Find the additive inverse each of the following numbers
\[\dfrac{8}{5},\dfrac{6}{10},\dfrac{-3}{8},\dfrac{-16}{3},\dfrac{-4}{1}\]

Answer 1

Hint: In general the additive inverse of any number is that which we add in a given number and get zero as answer. To find the additive inverse of a fraction, we simply change the sign of that number.

Complete step by step answer:
(1) In case of \[\dfrac{8}{5}\] , the additive inverse in the negative of \[\dfrac{8}{5}\]
i.e. \[\dfrac{-8}{5}\]
(2) In case of \[\dfrac{6}{10}\], the additive inverse in the negative of \[\dfrac{6}{10}\]
i.e. \[\dfrac{-6}{10}\]

(3) In case of \[\dfrac{-3}{8}\] , the additive inverse is the negative of \[\dfrac{-3}{8}\]
i.e. \[-\left( \dfrac{-3}{8} \right)=\dfrac{3}{8}\]
.(4) In case of \[\dfrac{-16}{3}\], additive inverse is the negative of \[\dfrac{-16}{3}\]
i.e. \[-\left( \dfrac{-16}{3} \right)=\dfrac{16}{3}\]
(5) In case of \[\dfrac{-4}{1}\], additive inverse of \[\dfrac{-4}{1}\] is negative of that number
i.e. \[-\left( \dfrac{-4}{1} \right)\Rightarrow \dfrac{4}{1}\]

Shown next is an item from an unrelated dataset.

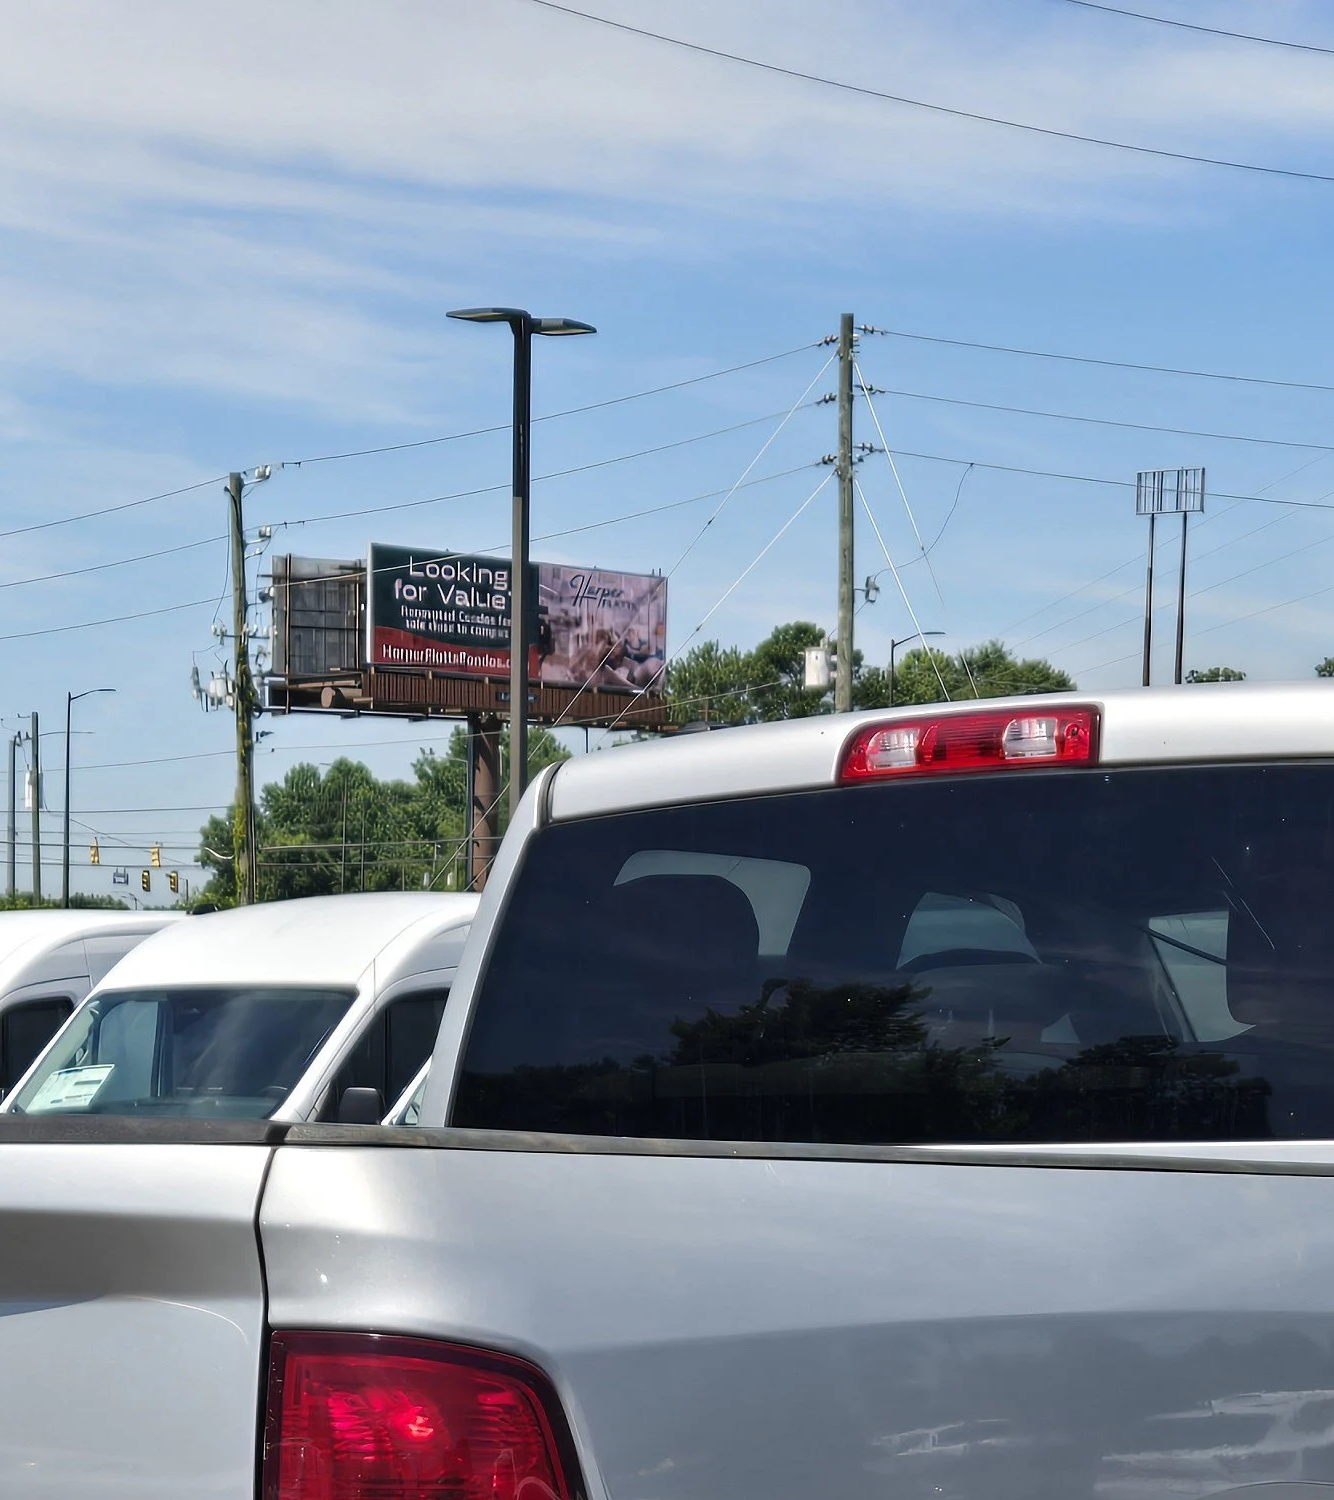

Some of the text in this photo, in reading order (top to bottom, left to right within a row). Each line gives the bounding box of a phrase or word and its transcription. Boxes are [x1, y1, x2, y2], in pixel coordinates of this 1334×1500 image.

[409, 556, 508, 590] Looking
[395, 578, 511, 609] for Value
[569, 574, 624, 608] Harper
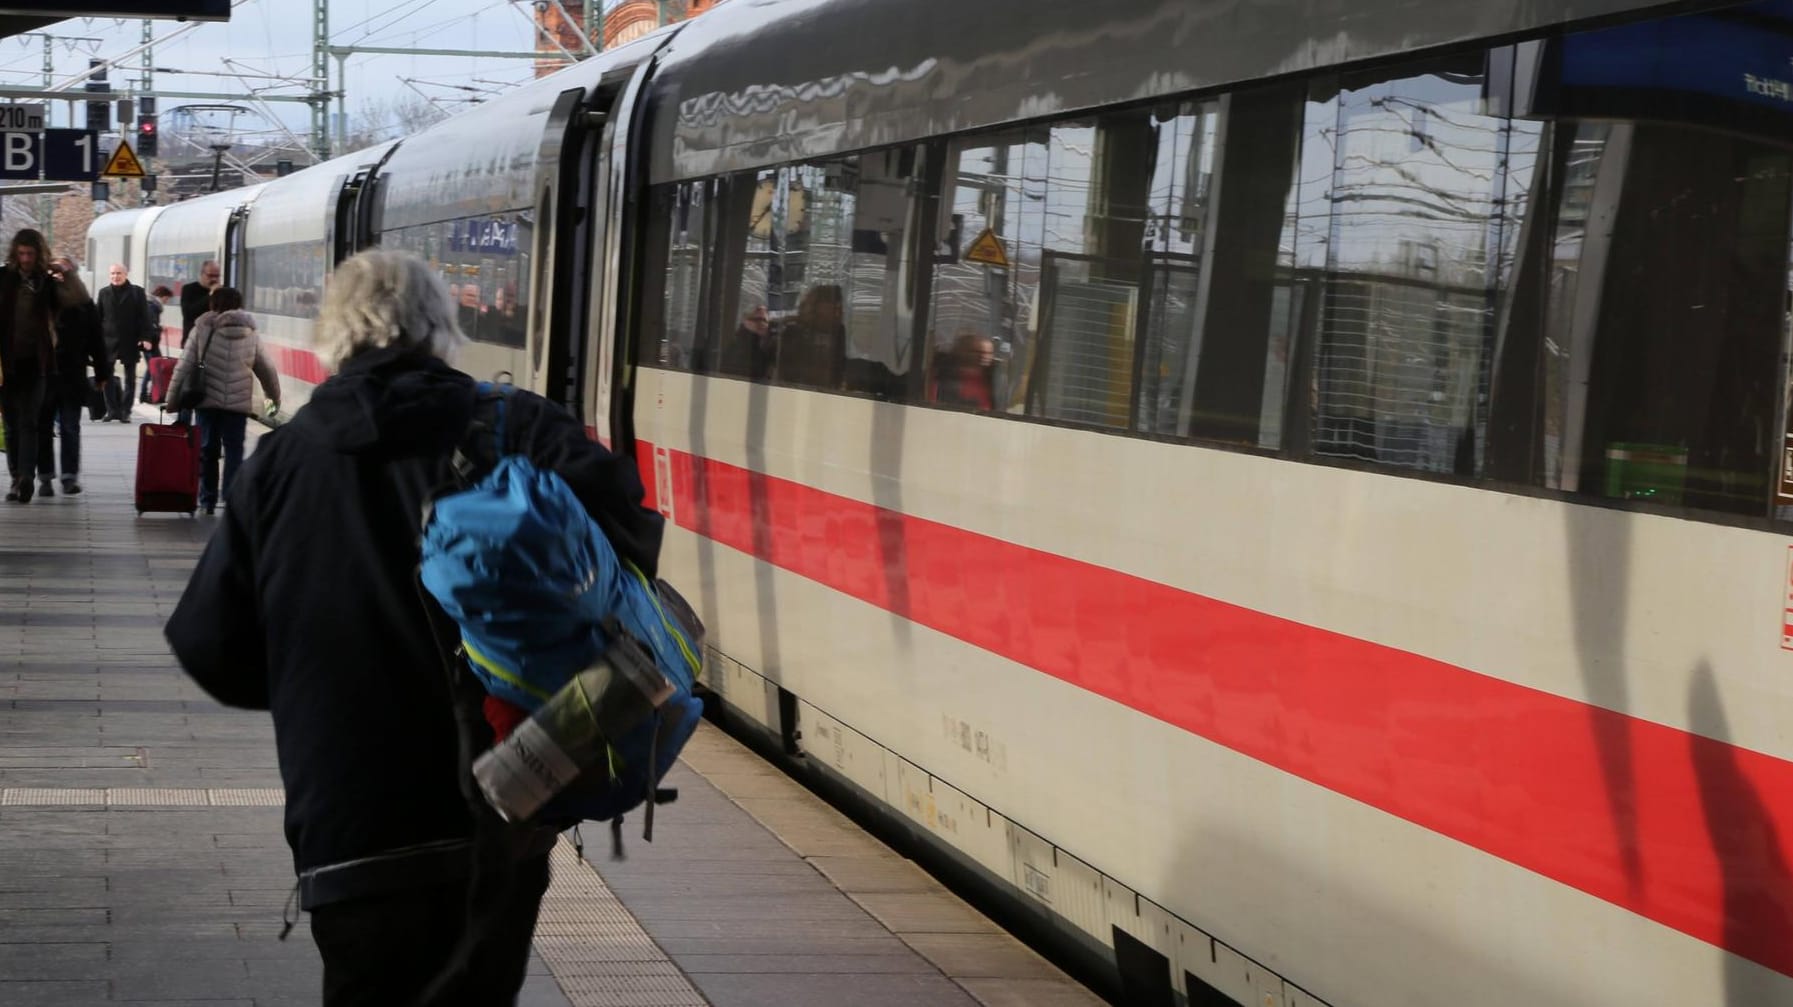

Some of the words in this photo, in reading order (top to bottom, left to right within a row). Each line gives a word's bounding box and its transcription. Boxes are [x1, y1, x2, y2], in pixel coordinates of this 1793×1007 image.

Note: In fraction we only change the sign of either numerator or denominator because if we change the sign of both numerator and denominator then the value of the original fraction remains the same.
So we need to remember to find an additive inverse of fraction we only change sign of either numerator or denominator.